Items from a dataset:
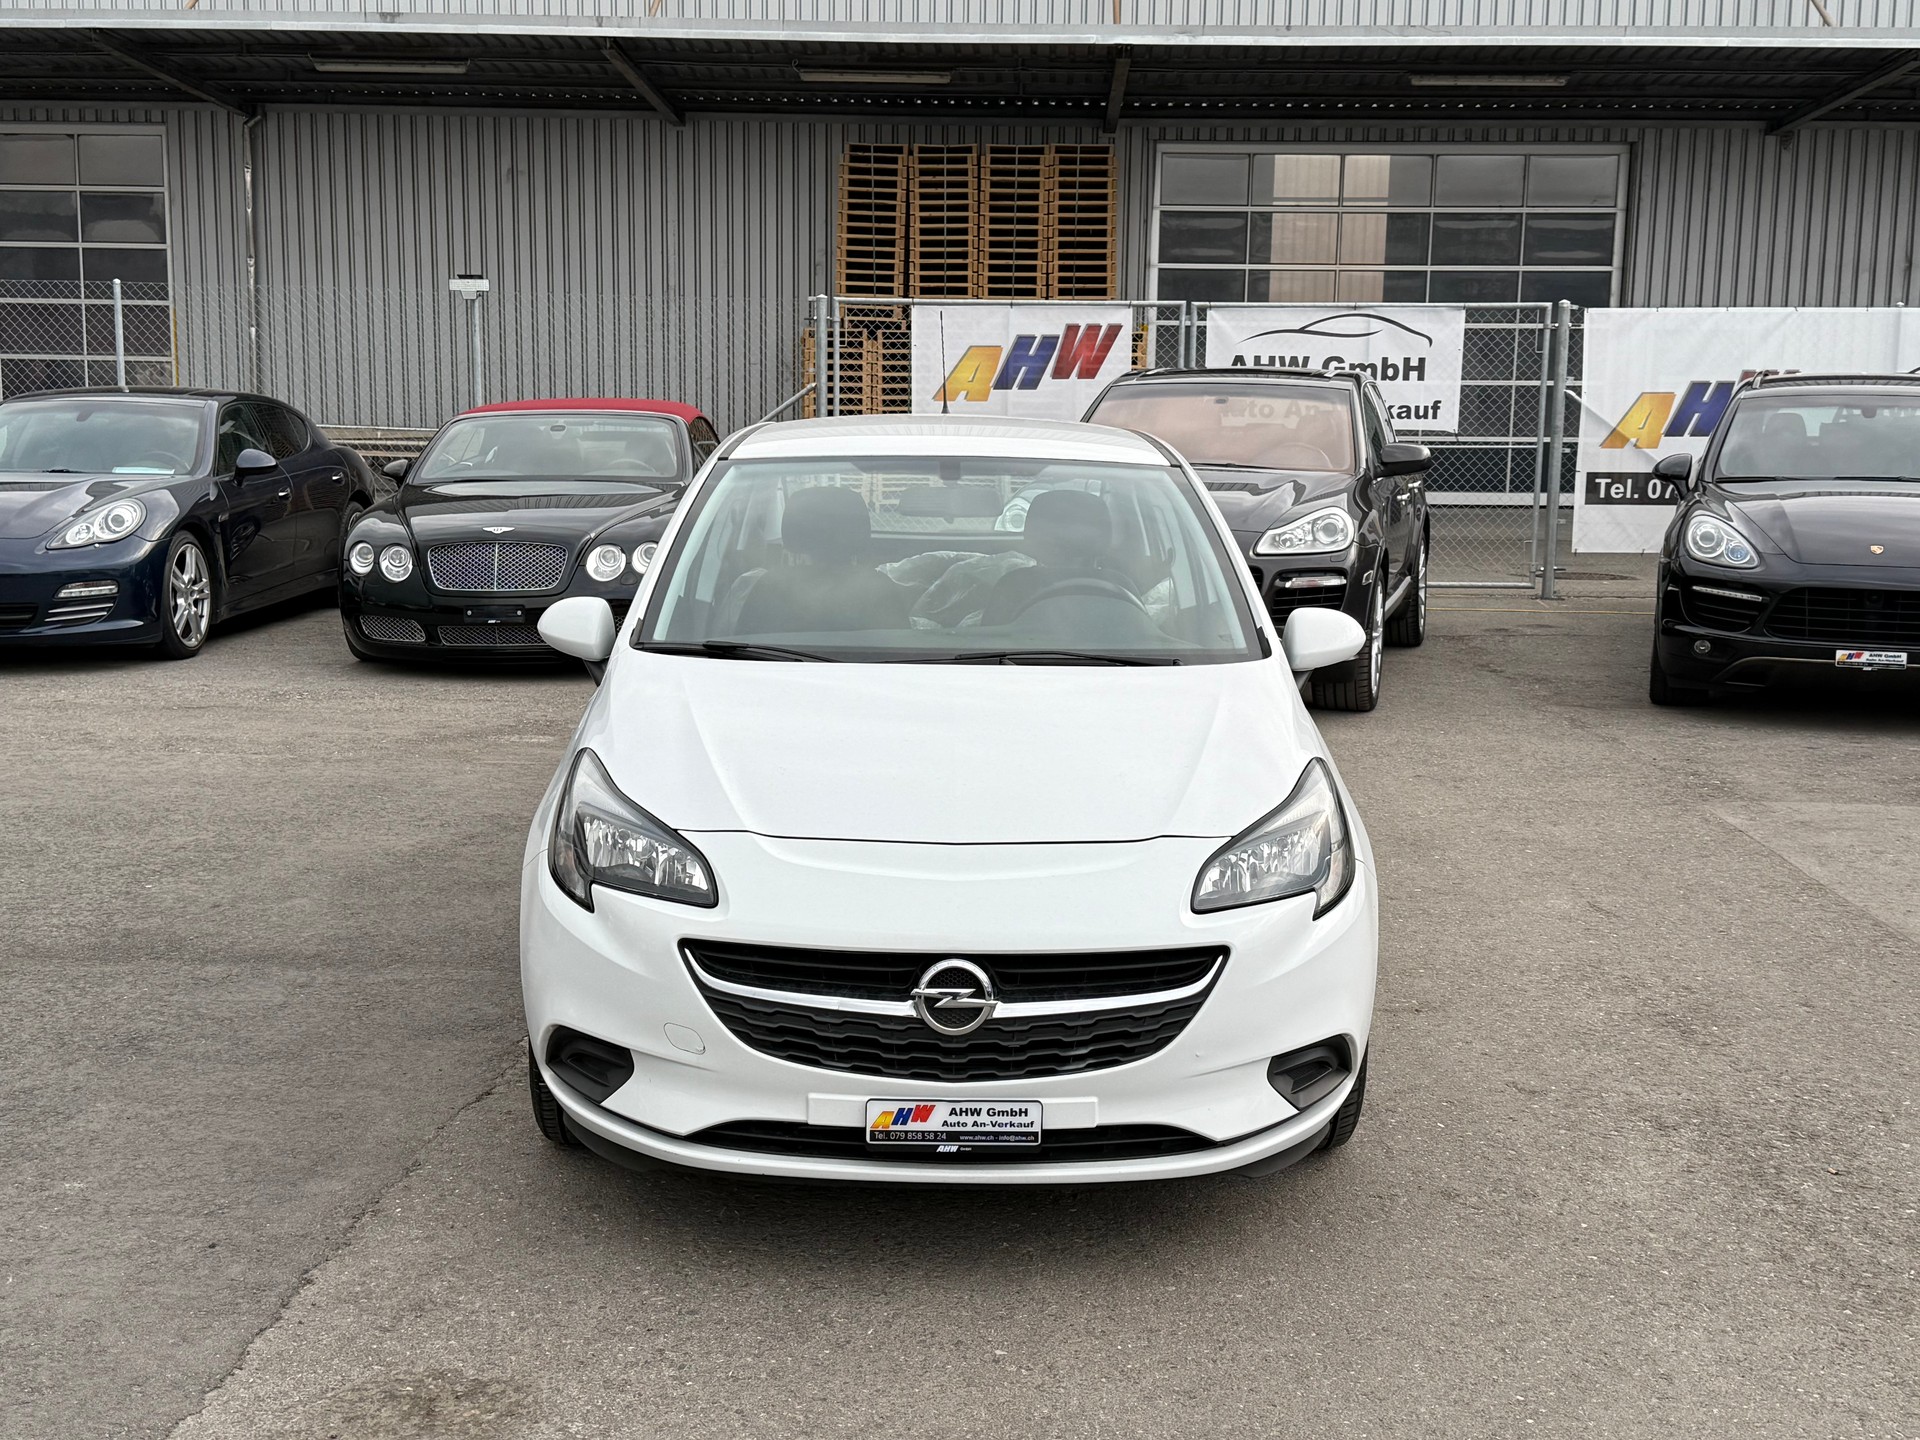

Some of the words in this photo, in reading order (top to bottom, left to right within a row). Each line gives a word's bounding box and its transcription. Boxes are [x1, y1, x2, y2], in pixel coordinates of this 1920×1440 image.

[932, 323, 1123, 402] AHW
[1321, 355, 1426, 381] GmbH
[1599, 369, 1802, 449] AH
[1595, 478, 1639, 499] Tel.
[1647, 478, 1678, 499] 07
[870, 1104, 936, 1129] AHW
[948, 1107, 982, 1117] AHW
[986, 1107, 1028, 1117] GmbH
[941, 1120, 968, 1128] Auto
[972, 1120, 1035, 1129] An-Verkauf
[874, 1132, 888, 1140] Tel.
[890, 1132, 905, 1140] 079
[907, 1132, 923, 1140] 858
[924, 1132, 935, 1140] 58
[936, 1132, 947, 1140] 24
[999, 1134, 1035, 1142] info@ahw.ch
[936, 1145, 958, 1153] AHW

▶ What you have to do: Each word of the data should be repeated exactly, and the pictures left out.

▶ Answer section:
Some of the words in this photo, in reading order (top to bottom, left to right within a row). Each line gives a word's bounding box and its transcription. Boxes are [x1, y1, x2, y2], in pixel coordinates of this 1920×1440 image.

[932, 323, 1123, 402] AHW
[1321, 355, 1426, 381] GmbH
[1599, 369, 1802, 449] AH
[1595, 478, 1639, 499] Tel.
[1647, 478, 1678, 499] 07
[870, 1104, 936, 1129] AHW
[948, 1107, 982, 1117] AHW
[986, 1107, 1028, 1117] GmbH
[941, 1120, 968, 1128] Auto
[972, 1120, 1035, 1129] An-Verkauf
[874, 1132, 888, 1140] Tel.
[890, 1132, 905, 1140] 079
[907, 1132, 923, 1140] 858
[924, 1132, 935, 1140] 58
[936, 1132, 947, 1140] 24
[999, 1134, 1035, 1142] info@ahw.ch
[936, 1145, 958, 1153] AHW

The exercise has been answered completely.